=== Exercise material ===
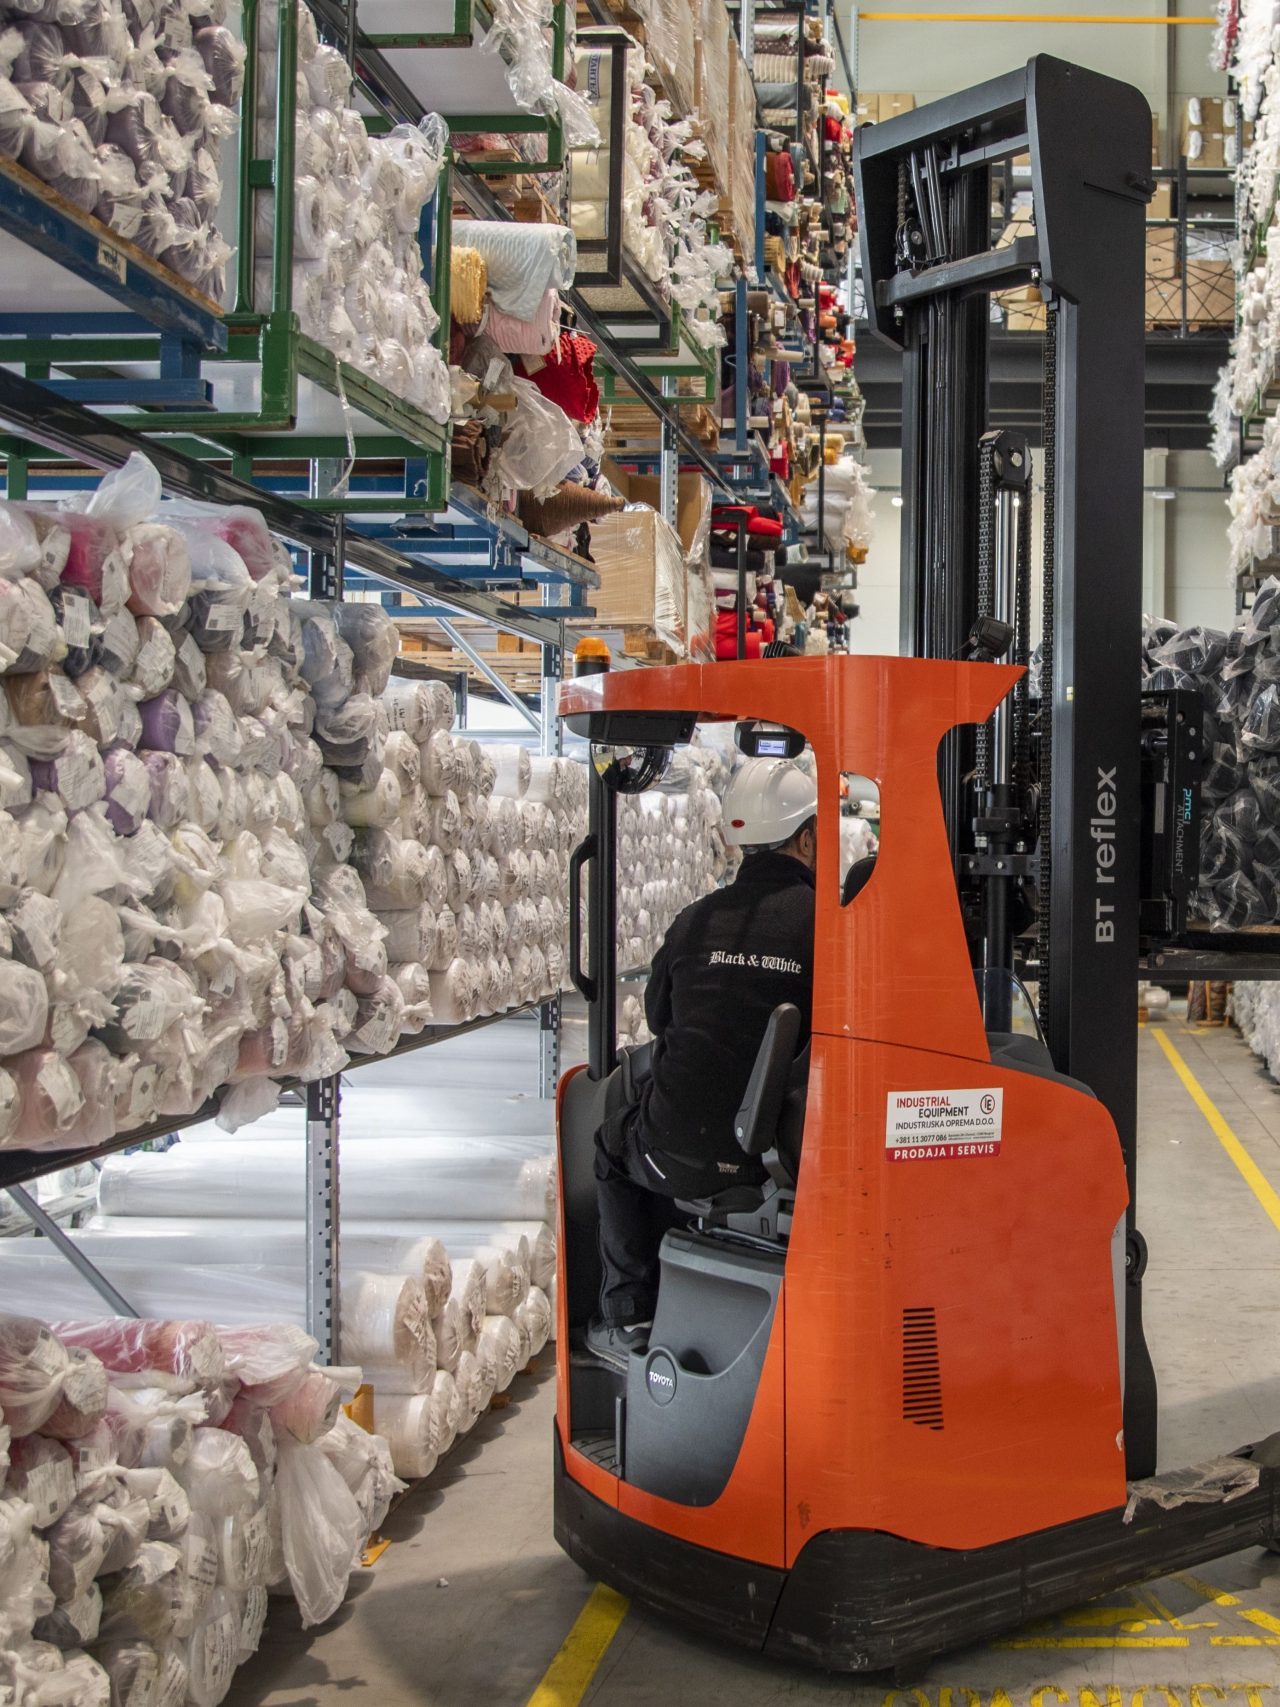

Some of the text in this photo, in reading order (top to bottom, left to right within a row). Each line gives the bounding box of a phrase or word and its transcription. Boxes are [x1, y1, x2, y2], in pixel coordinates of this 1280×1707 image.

[1175, 804, 1185, 873] ATTACHMENT
[1090, 766, 1117, 942] BT reflex
[708, 951, 802, 974] Black & White
[896, 1096, 951, 1109] INDUSTRIAL
[918, 1106, 970, 1119] EQUIPMENT
[895, 1117, 995, 1131] INDUSTRIJSKA OPREMA D.O.O.
[895, 1136, 911, 1144] +381
[920, 1135, 935, 1143] 3077
[894, 1146, 946, 1160] PRODAJA
[957, 1143, 995, 1156] SERVIS
[649, 1371, 674, 1388] TOYOTA
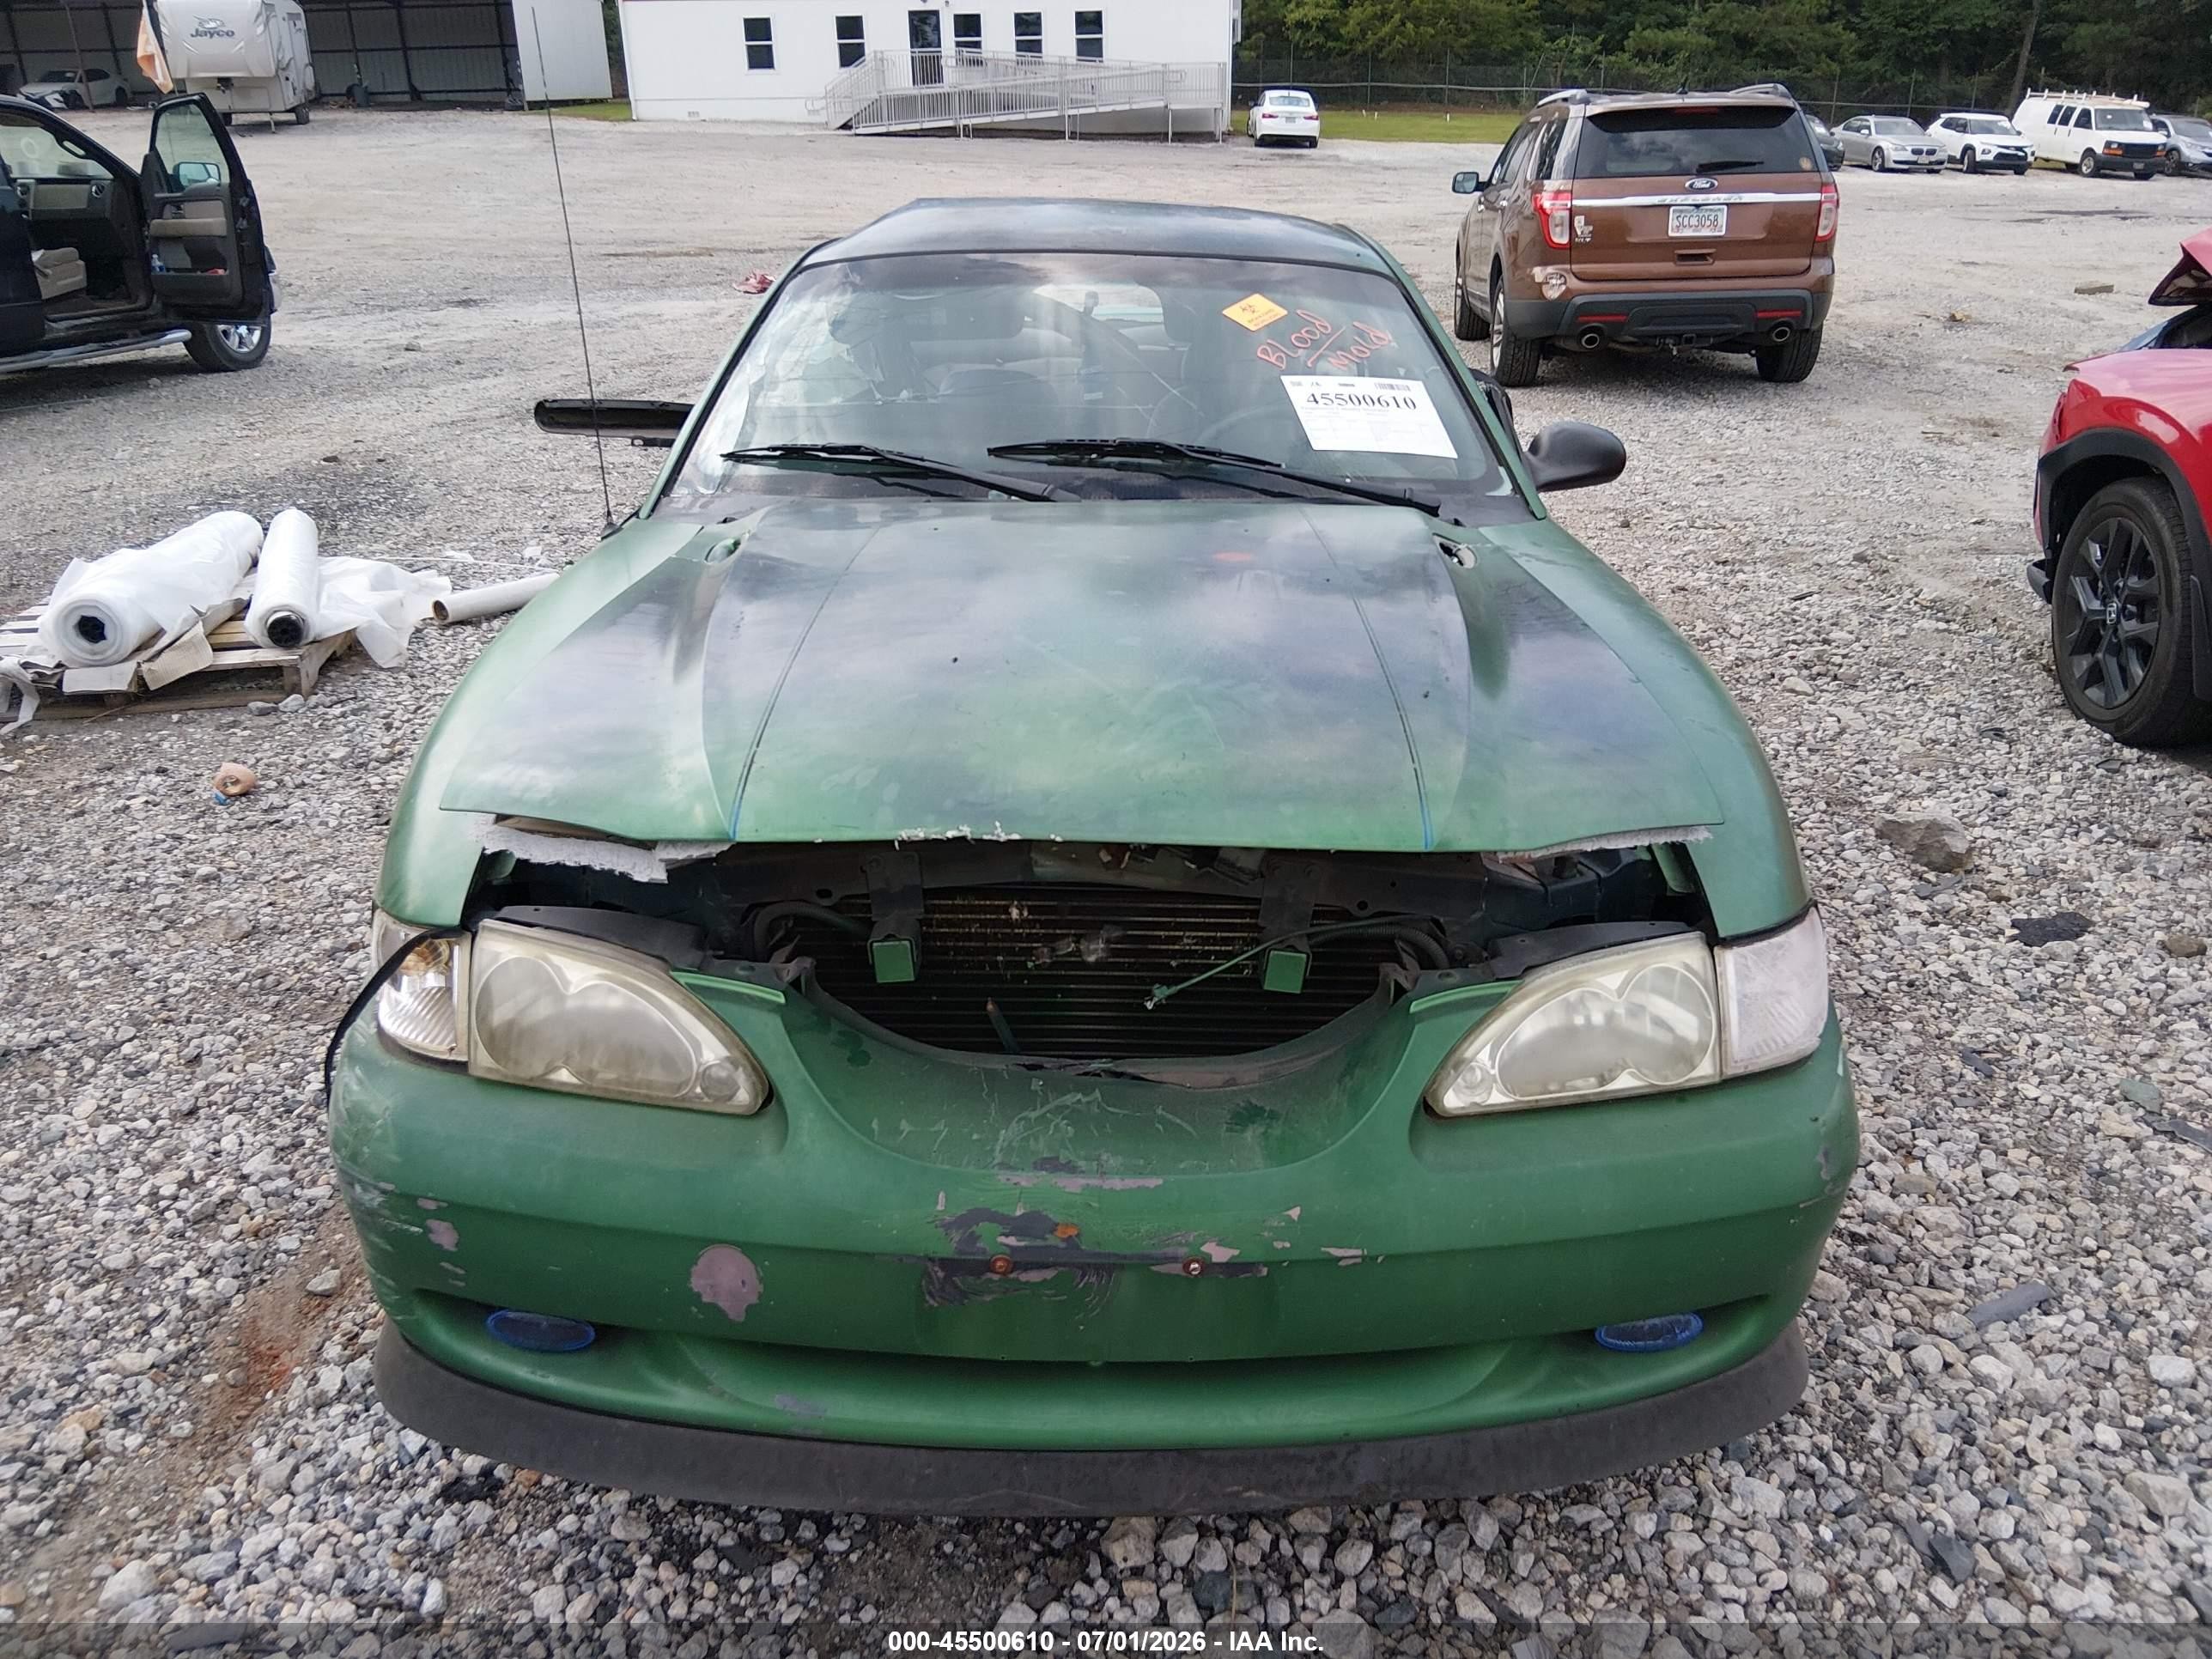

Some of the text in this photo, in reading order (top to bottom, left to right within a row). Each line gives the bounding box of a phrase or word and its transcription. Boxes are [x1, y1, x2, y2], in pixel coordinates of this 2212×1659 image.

[190, 28, 235, 39] Jayco
[1675, 214, 1719, 228] SCC3058
[1306, 392, 1417, 410] 45500610
===
▶ **What to do**: Omit each picture, then return all of the listing exactly as it stands.

▶ **Your solution**:
Some of the text in this photo, in reading order (top to bottom, left to right within a row). Each line gives the bounding box of a phrase or word and its transcription. Boxes are [x1, y1, x2, y2], in pixel coordinates of this 1280×1707 image.

[1175, 804, 1185, 873] ATTACHMENT
[1090, 766, 1117, 942] BT reflex
[708, 951, 802, 974] Black & White
[896, 1096, 951, 1109] INDUSTRIAL
[918, 1106, 970, 1119] EQUIPMENT
[895, 1117, 995, 1131] INDUSTRIJSKA OPREMA D.O.O.
[895, 1136, 911, 1144] +381
[920, 1135, 935, 1143] 3077
[894, 1146, 946, 1160] PRODAJA
[957, 1143, 995, 1156] SERVIS
[649, 1371, 674, 1388] TOYOTA

Some of the text in this photo, in reading order (top to bottom, left to right within a row). Each line gives the bounding box of a phrase or word and its transcription. Boxes are [x1, y1, x2, y2], in pixel coordinates of this 2212×1659 image.

[190, 28, 235, 39] Jayco
[1675, 214, 1719, 228] SCC3058
[1306, 392, 1417, 410] 45500610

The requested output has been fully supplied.